Looking at the evidence to date, those campaigns aimed at companies — as opposed to persuasion efforts pitched at the individual level — may well be the more promising path to bringing change to our food system.

KELSEY PIPER: ‘Animals in industrial farms are treated appallingly… At the same time, we’re finding out more about other negative consequences of eating meat. Animal agriculture is resource-intensive and a major contributor to climate change… Farmed animal advocates have been working on these problems for a long time. One of the problems they’ve wrestled with is a pretty fundamental challenge: How do they persuade more people to become vegetarian? Over the past decade, they’ve done a lot of research to test which methods of advocacy work, and how and why people become vegetarians.

Studies have looked into the effects of different persuasion efforts: leafletting, online ads, undercover investigations of farms, street protests… The results, and what they mean, are still being hotly contested within the animal rights community. That disagreement underscores the steep challenge the animal rights community faces in trying to convince the rest of the world to give up meat. It also stands in sharp contrast to the repeated successes the advocacy movement has had in pursuing a different course: pressure campaigns against corporations.

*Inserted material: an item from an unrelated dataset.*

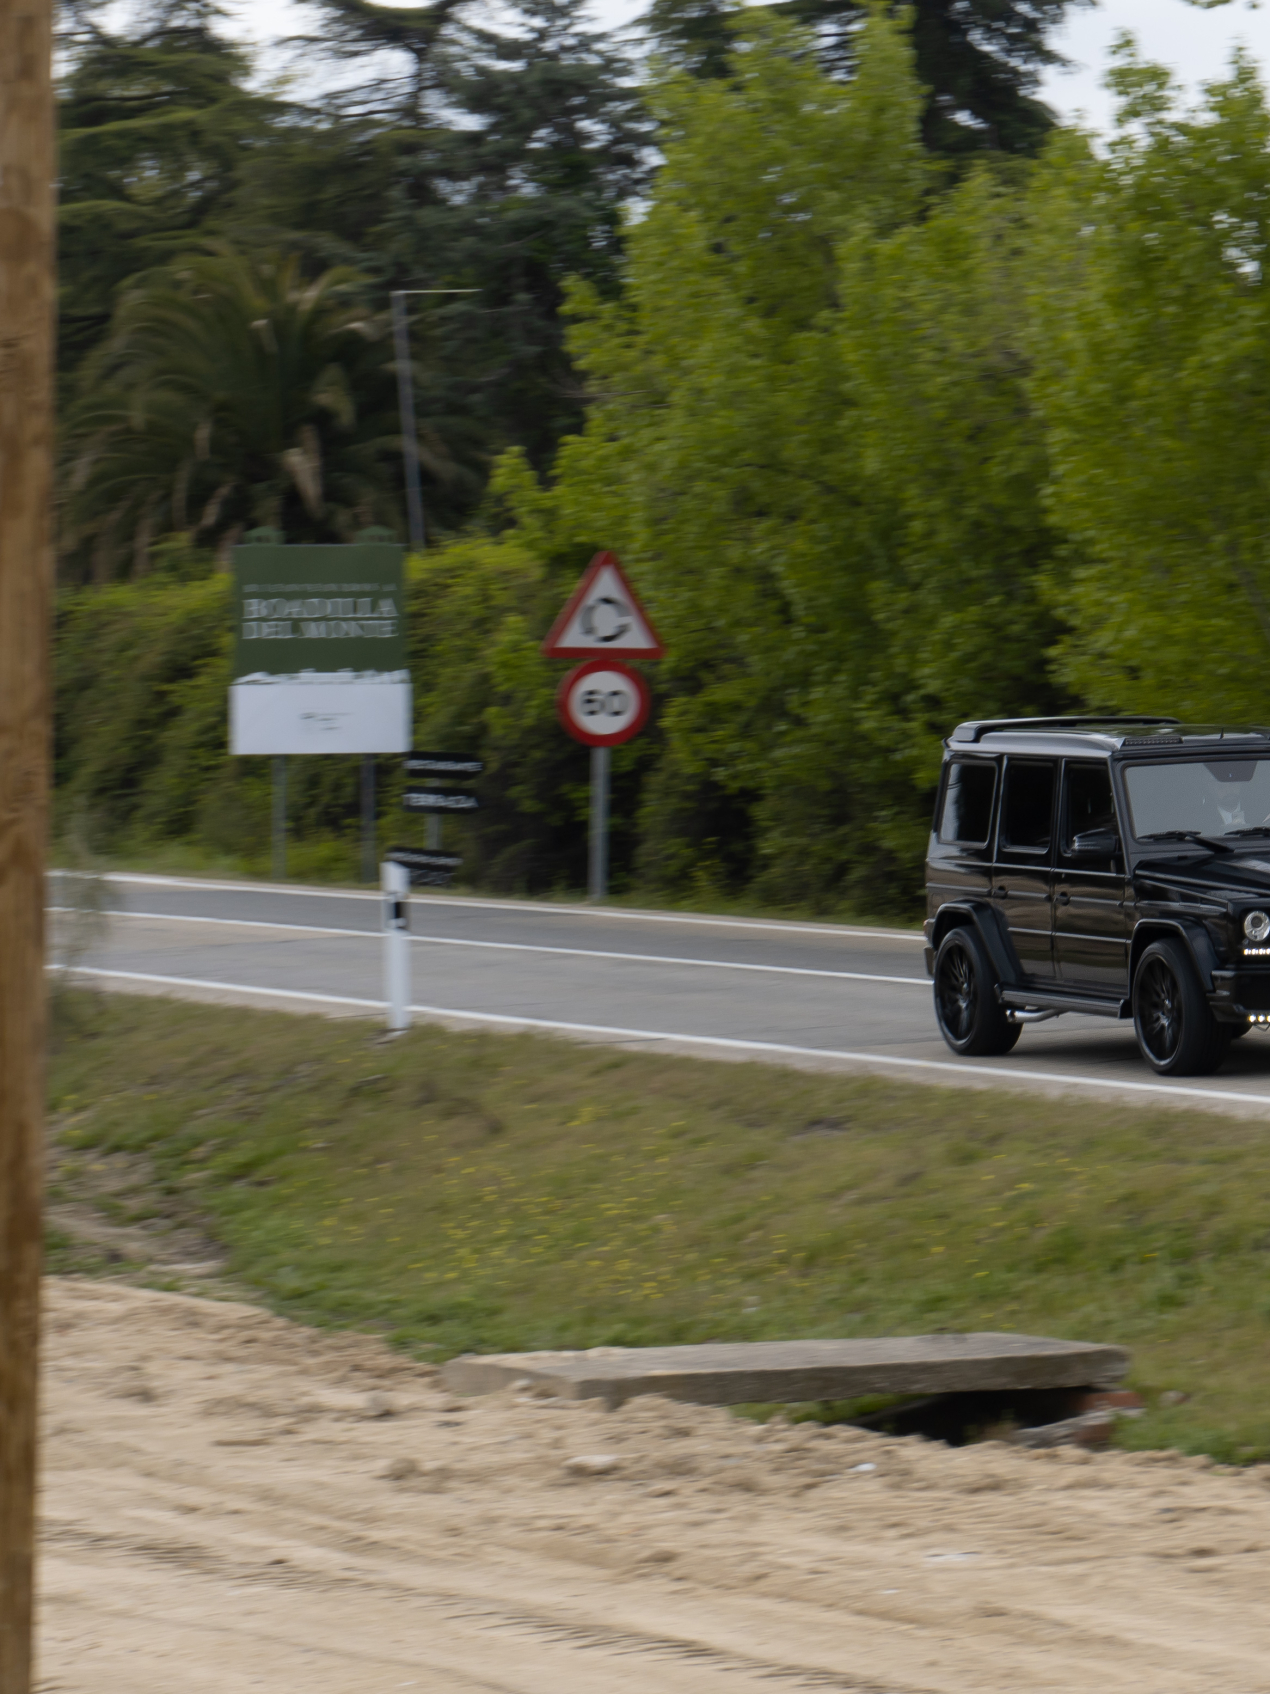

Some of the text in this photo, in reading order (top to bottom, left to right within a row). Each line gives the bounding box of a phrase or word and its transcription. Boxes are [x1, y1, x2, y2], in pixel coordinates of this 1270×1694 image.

[242, 598, 399, 618] BOADILLA
[242, 620, 399, 639] DEL MONTE

Advocates have convinced companies like Starbucks and General Mills, for instance, to source eggs for their products from cage-free farms through a mix of behind-the-scenes negotiation and protests. Looking at the evidence to date, those campaigns aimed at companies — as opposed to persuasion efforts pitched at the individual level — may well be the more promising path to bringing change to our food system, even as advocates continue to research the most effective ways to change a person’s mind’. SOURCE…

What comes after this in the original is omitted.